PERFORMANCE RESTRICTED STOCK UNIT GRANT AGREEMENT
FOR EMPLOYEES
Warner Bros. Discovery, Inc. (the “Company”) has granted you a performance restricted stock unit (the “PRSU”) under the Warner Bros. Discovery, Inc. Stock Incentive Plan (the “Plan”). The PRSU is in respect of a specified number of shares of the Company’s Series A common stock (the “PRSU Shares”) and entitles you to receive one share of the Company’s Series A common stock (a “Share”) for each PRSU Share as to which the conditions to receipt specified herein are satisfied.
The individualized communication you received (the “Cover Letter”) provides the details of your PRSU award. It specifies the number of PRSU Shares you are eligible to receive, the Date of Grant, and the vesting schedule applicable to the PRSU.
The PRSU is subject in all respects to the applicable provisions of the Plan.
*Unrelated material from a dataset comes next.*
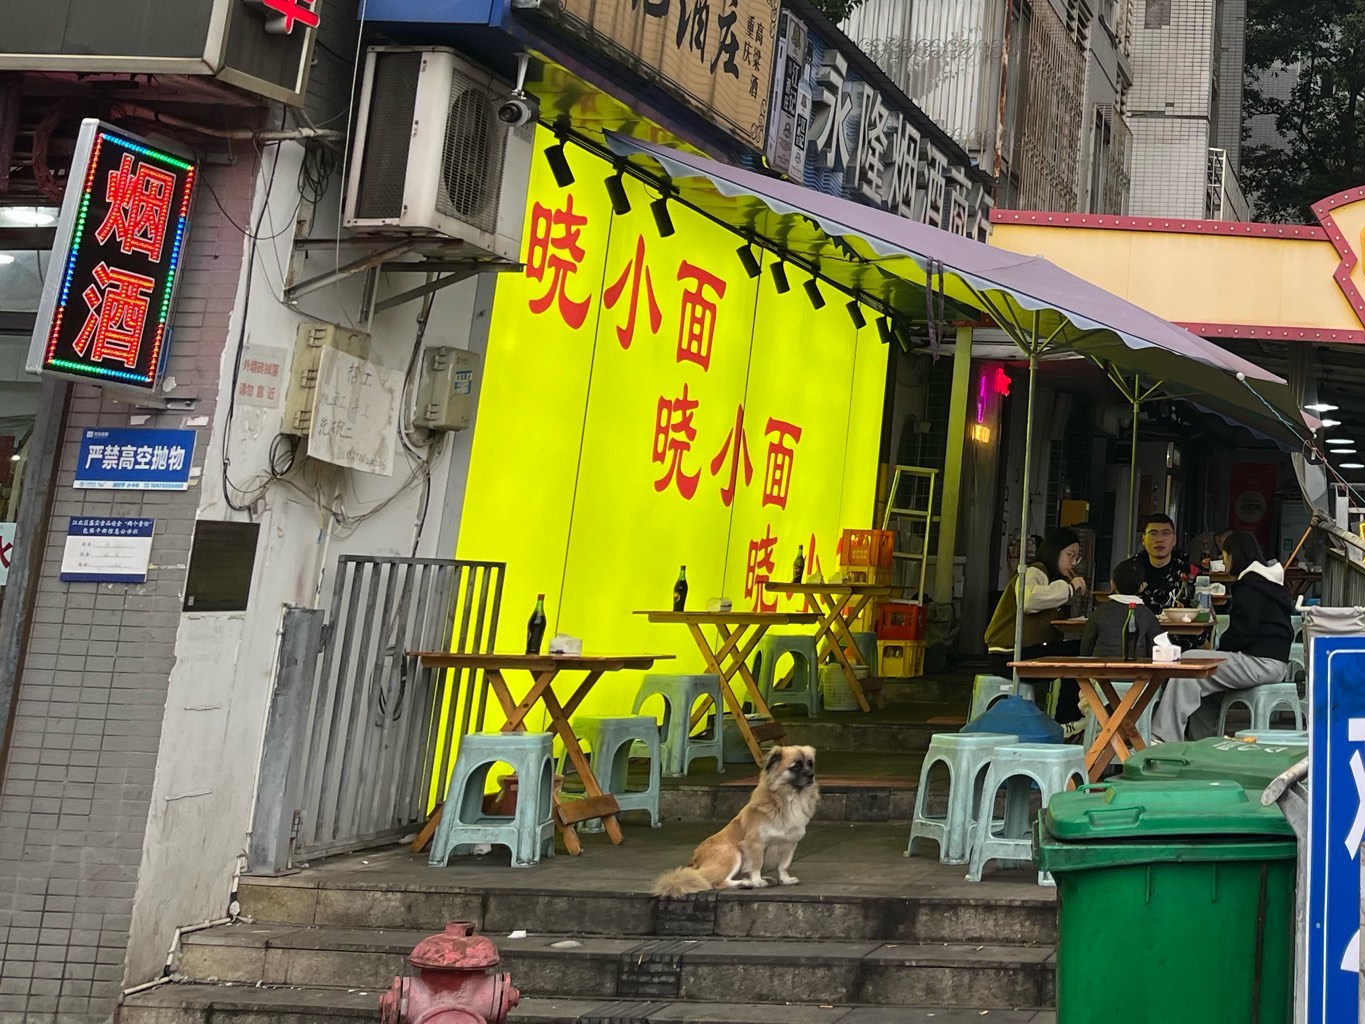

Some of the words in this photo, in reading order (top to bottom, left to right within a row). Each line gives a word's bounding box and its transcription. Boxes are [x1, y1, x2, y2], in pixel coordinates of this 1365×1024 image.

This grant agreement (the “Grant Agreement”) does not cover all of the rules that apply to the PRSU. Such other terms are included in the Plan document. Capitalized terms are defined either further below in this Grant Agreement or in the Plan.

The Plan document is available on the Fidelity web site. The Prospectus for the Plan, the Company’s S-8, Annual Report on Form 10-K, and other filings the Company makes with the Securities and Exchange Commission are available for your review on the Company’s web site. You may also obtain paper copies of these documents upon request to the Company’s Human Resources department.
Neither the Company nor anyone else is making any representations or promises regarding the duration of your service, vesting of the PRSU, the value a Share or of the PRSU, or the Company's prospects. The Company is not providing any advice regarding tax consequences to you or regarding your decisions regarding the PRSU. You agree to rely only upon your own personal advisors.
No one may sell, transfer, or distribute the PRSU Shares or any securities that may be received in respect of the PRSU Shares without an effective registration statement relating thereto or an opinion of counsel satisfactory to the Company or other information and representations satisfactory to it that such registration is not required.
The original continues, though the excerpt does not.